### WORK TASK
The entries that follow must be given again exactly, with no pictures kept.

### DATA FOR THE TASK
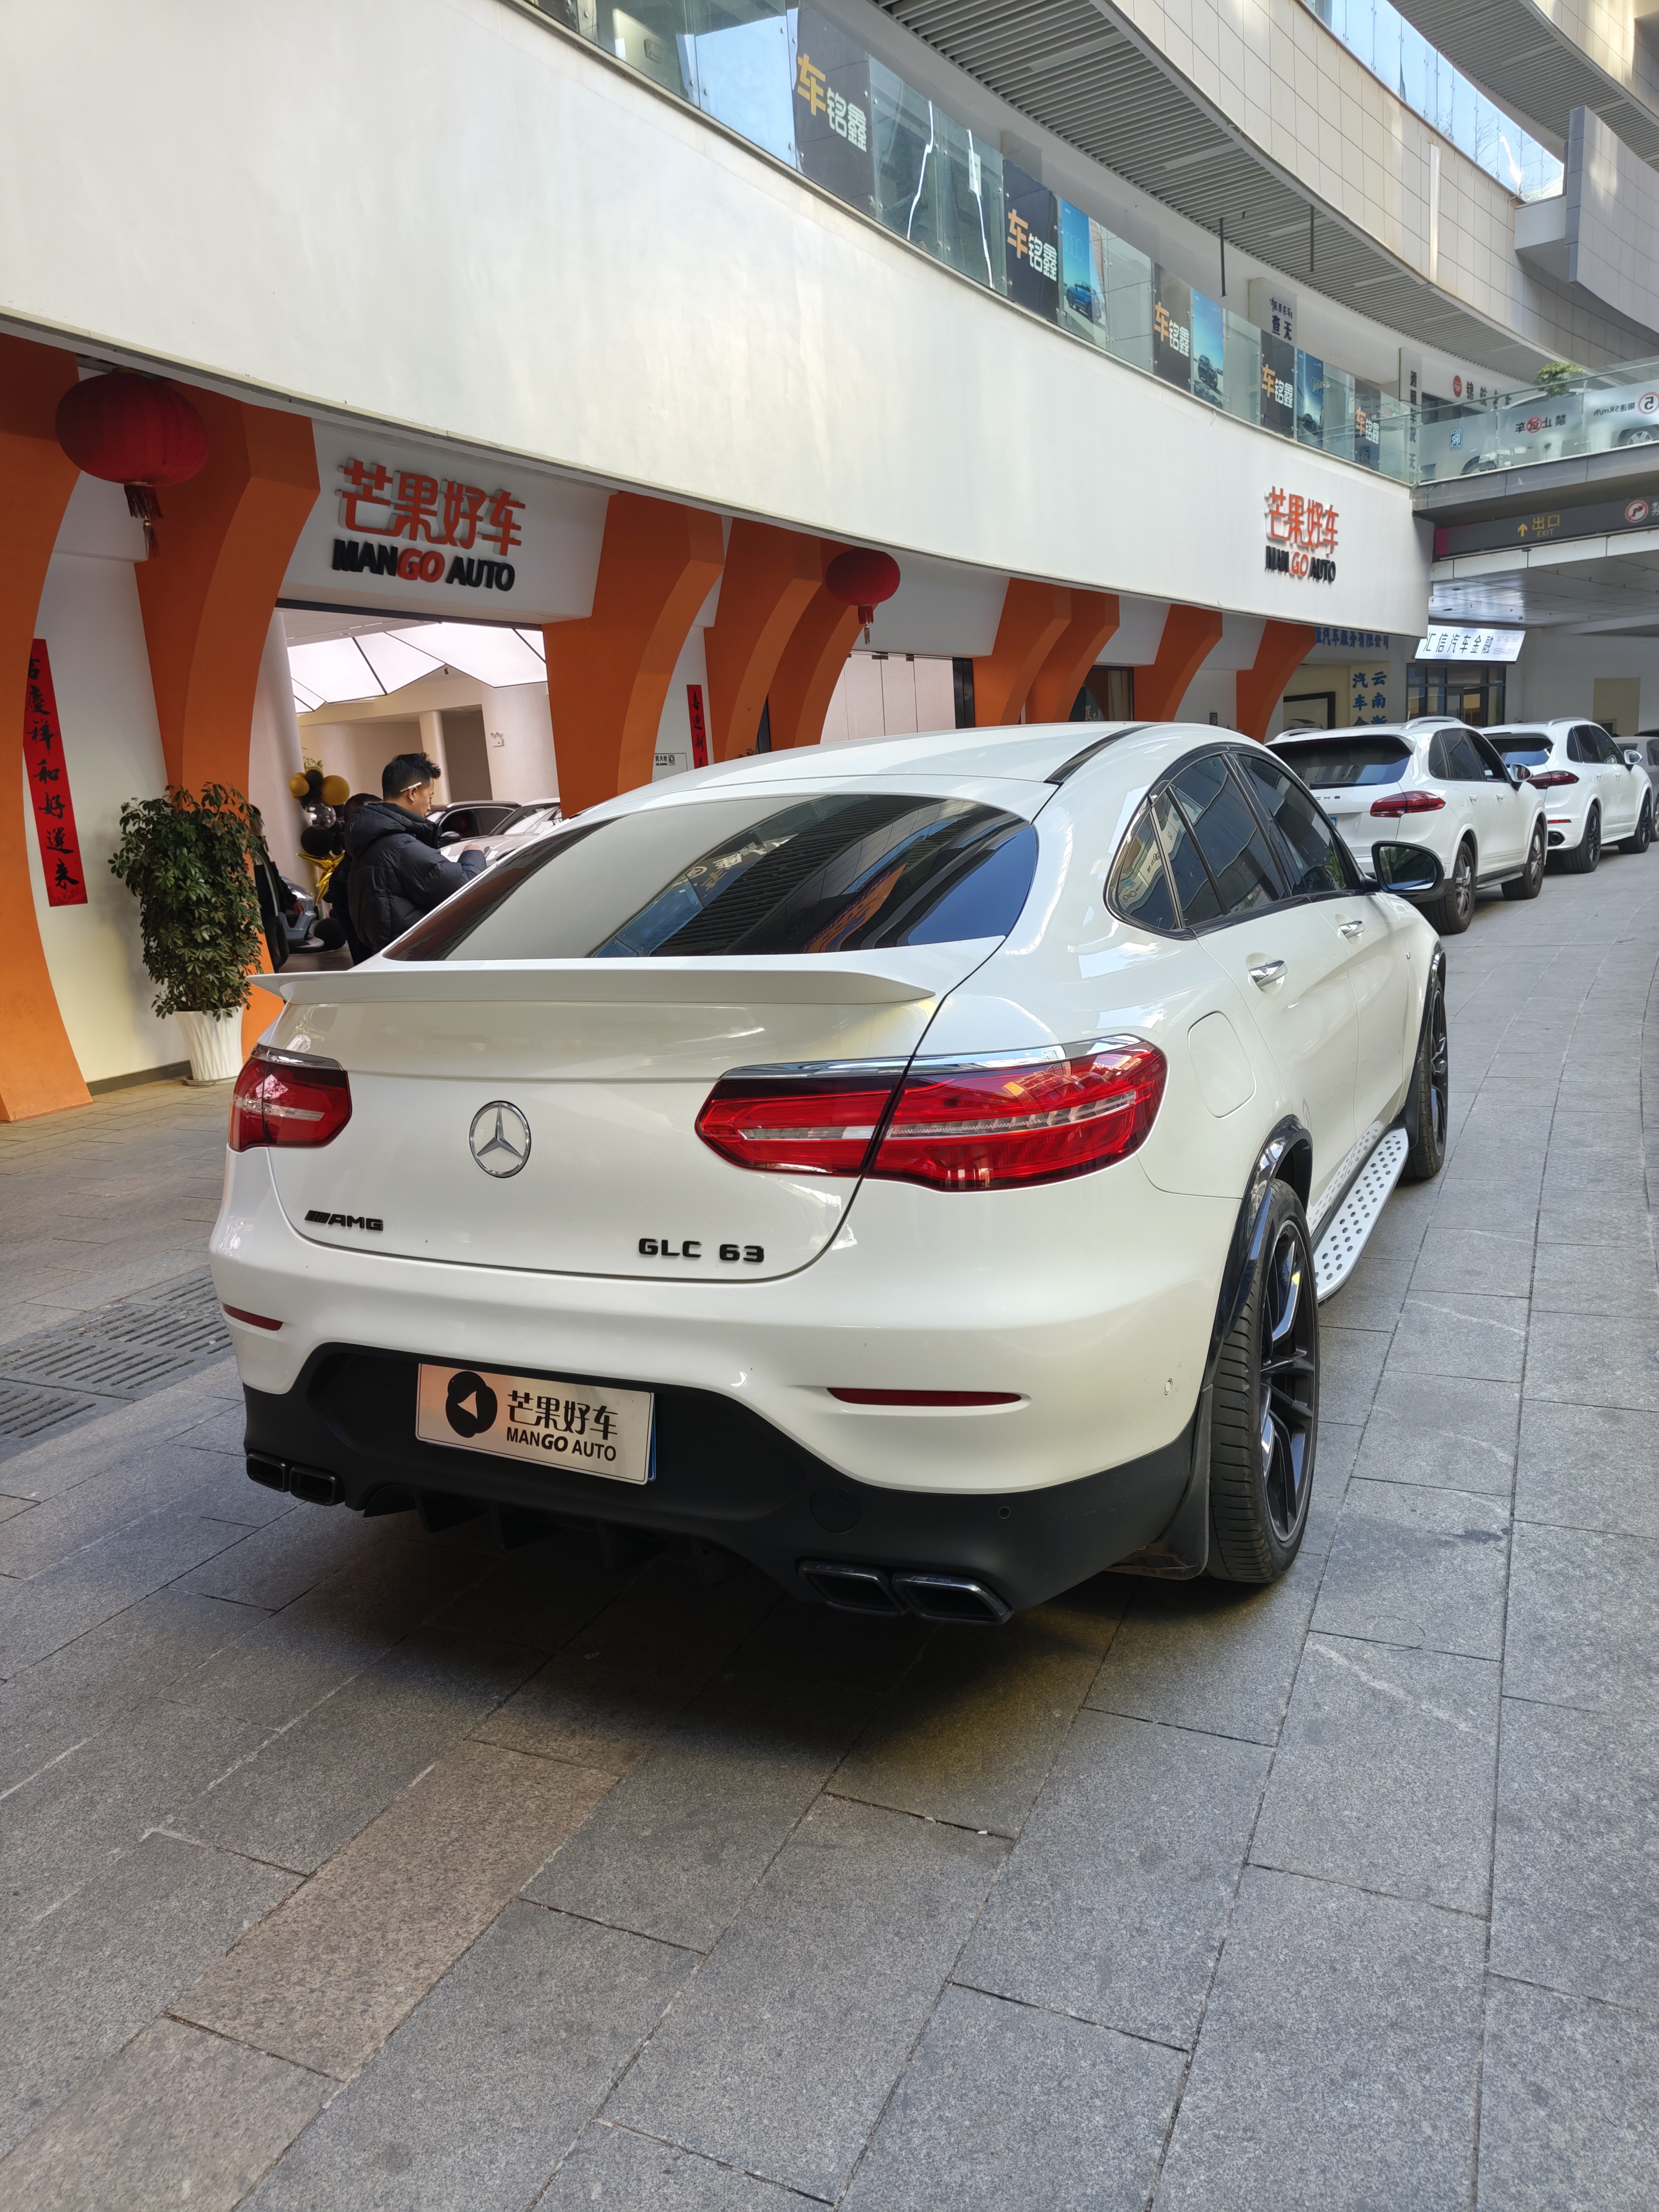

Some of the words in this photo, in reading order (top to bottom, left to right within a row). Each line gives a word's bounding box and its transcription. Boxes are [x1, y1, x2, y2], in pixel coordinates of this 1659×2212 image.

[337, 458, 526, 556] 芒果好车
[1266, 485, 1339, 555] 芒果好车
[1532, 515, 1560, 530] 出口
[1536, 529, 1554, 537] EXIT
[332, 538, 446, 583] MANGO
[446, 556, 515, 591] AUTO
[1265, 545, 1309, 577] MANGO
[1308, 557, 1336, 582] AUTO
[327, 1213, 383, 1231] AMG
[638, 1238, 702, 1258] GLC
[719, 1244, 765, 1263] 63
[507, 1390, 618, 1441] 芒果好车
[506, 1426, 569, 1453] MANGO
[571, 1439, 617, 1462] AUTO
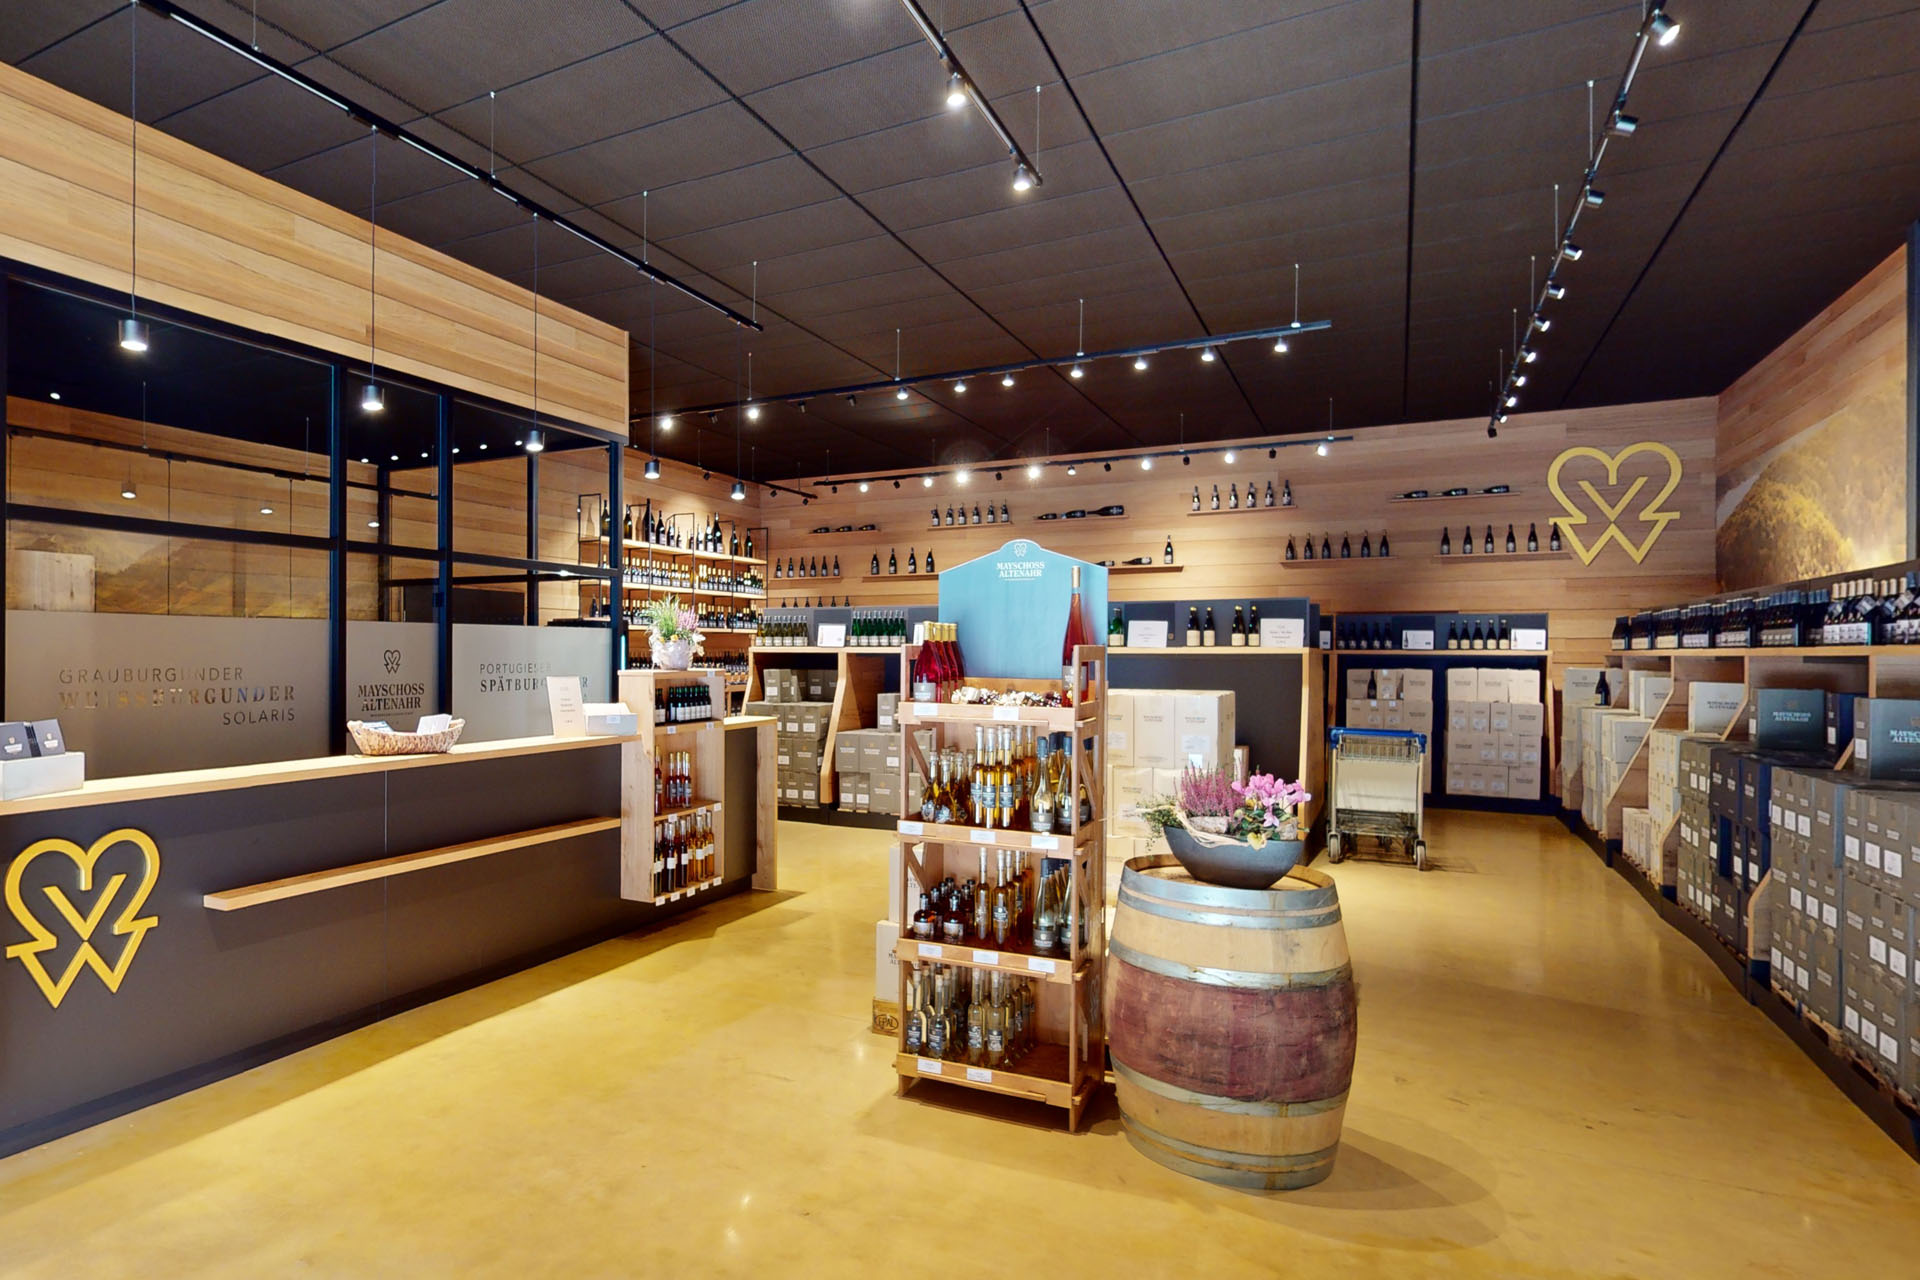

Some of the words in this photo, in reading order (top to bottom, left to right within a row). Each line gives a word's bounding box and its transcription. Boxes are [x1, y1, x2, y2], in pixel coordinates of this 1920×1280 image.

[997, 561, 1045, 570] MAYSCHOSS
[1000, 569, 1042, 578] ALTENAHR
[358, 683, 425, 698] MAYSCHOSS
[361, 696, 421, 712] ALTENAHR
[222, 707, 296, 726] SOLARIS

### ANSWER TO THIS PROBLEM
Some of the words in this photo, in reading order (top to bottom, left to right within a row). Each line gives a word's bounding box and its transcription. Boxes are [x1, y1, x2, y2], in pixel coordinates of this 1659×2212 image.

[337, 458, 526, 556] 芒果好车
[1266, 485, 1339, 555] 芒果好车
[1532, 515, 1560, 530] 出口
[1536, 529, 1554, 537] EXIT
[332, 538, 446, 583] MANGO
[446, 556, 515, 591] AUTO
[1265, 545, 1309, 577] MANGO
[1308, 557, 1336, 582] AUTO
[327, 1213, 383, 1231] AMG
[638, 1238, 702, 1258] GLC
[719, 1244, 765, 1263] 63
[507, 1390, 618, 1441] 芒果好车
[506, 1426, 569, 1453] MANGO
[571, 1439, 617, 1462] AUTO

Some of the words in this photo, in reading order (top to bottom, left to right within a row). Each line gives a word's bounding box and its transcription. Boxes are [x1, y1, x2, y2], in pixel coordinates of this 1920×1280 image.

[997, 561, 1045, 570] MAYSCHOSS
[1000, 569, 1042, 578] ALTENAHR
[358, 683, 425, 698] MAYSCHOSS
[361, 696, 421, 712] ALTENAHR
[222, 707, 296, 726] SOLARIS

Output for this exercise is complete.